Little bits of history keep popping up as we continue to catalog the manuscript backlog. Last week I happened upon a folder that simply stated, “telegram, E.K. Winship to J.R. Hawley, 1881”. What I had found was a message concerning the assassination attempt on the President!

Telegram to Joseph Hawley about the assassination attempt on President Garfield, Ms 67770. Connecticut Historical Society.

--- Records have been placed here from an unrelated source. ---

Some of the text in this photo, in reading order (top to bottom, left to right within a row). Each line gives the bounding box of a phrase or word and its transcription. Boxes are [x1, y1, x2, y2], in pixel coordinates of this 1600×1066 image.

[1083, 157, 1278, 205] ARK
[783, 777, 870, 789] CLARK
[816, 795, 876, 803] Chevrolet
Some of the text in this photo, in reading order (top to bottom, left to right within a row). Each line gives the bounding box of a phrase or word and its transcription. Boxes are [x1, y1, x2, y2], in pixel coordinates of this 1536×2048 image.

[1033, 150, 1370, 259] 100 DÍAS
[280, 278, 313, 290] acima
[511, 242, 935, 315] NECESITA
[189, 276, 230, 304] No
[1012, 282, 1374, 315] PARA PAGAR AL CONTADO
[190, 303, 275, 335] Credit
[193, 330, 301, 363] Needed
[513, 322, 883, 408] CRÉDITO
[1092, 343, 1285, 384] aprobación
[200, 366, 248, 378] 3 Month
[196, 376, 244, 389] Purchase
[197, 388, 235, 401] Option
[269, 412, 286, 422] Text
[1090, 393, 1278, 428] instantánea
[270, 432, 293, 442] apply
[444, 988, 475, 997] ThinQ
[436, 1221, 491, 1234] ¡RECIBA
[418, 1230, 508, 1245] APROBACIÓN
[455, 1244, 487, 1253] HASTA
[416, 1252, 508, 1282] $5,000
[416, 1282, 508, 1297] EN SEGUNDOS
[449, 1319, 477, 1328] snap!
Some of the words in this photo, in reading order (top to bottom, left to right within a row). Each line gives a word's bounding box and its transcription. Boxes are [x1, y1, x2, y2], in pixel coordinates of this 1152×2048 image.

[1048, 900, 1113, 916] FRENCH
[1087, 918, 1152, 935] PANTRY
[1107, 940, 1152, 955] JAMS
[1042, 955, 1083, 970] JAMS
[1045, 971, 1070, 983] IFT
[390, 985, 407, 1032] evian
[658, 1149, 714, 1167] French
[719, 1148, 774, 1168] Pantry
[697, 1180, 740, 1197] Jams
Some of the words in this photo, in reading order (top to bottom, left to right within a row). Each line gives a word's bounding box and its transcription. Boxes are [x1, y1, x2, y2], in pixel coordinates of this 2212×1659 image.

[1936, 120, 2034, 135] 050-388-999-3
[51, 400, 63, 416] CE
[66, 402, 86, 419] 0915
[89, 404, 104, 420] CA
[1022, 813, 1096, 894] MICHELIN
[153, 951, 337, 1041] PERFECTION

On July 2, 1881, Charles Guiteau took two shots at President James A. Garfield at the Baltimore and Potomac train station. Soon thereafter, E.K. Winship sent his telegram to General Joseph R. Hawley in Hartford, Connecticut, conveying the news. He mentioned that the “bore of pistol admits finger” and that “Surgeon General Barnes says doubtless fatal.” Hawley had been a General in the Civil War; after the war he served as Governor of Connecticut for one term, and from 1881-1905 Hawley was a United States Senator and a Republican leader. He was also a newspaper publisher. Garfield lingered 11 months before he finally succumbed to an infection, attributed to the doctor exploring the “bore of pistol admits finger” without sanitizing his hands. How far modern medicine has come since then. But how little progress, really, we have made in protecting public figures from people who have an agenda.
Another collection in our library contains additional information on the Garfield assassination. It is the correspondence of Frank Trusdell, a journalist assigned to the White House to await the President’s death. These fascinating letters are in the Clark and Hathaway Families Papers, 1834-1940 (Ms 90839).
Another great article into a slice of the past – and moving too! Thanks.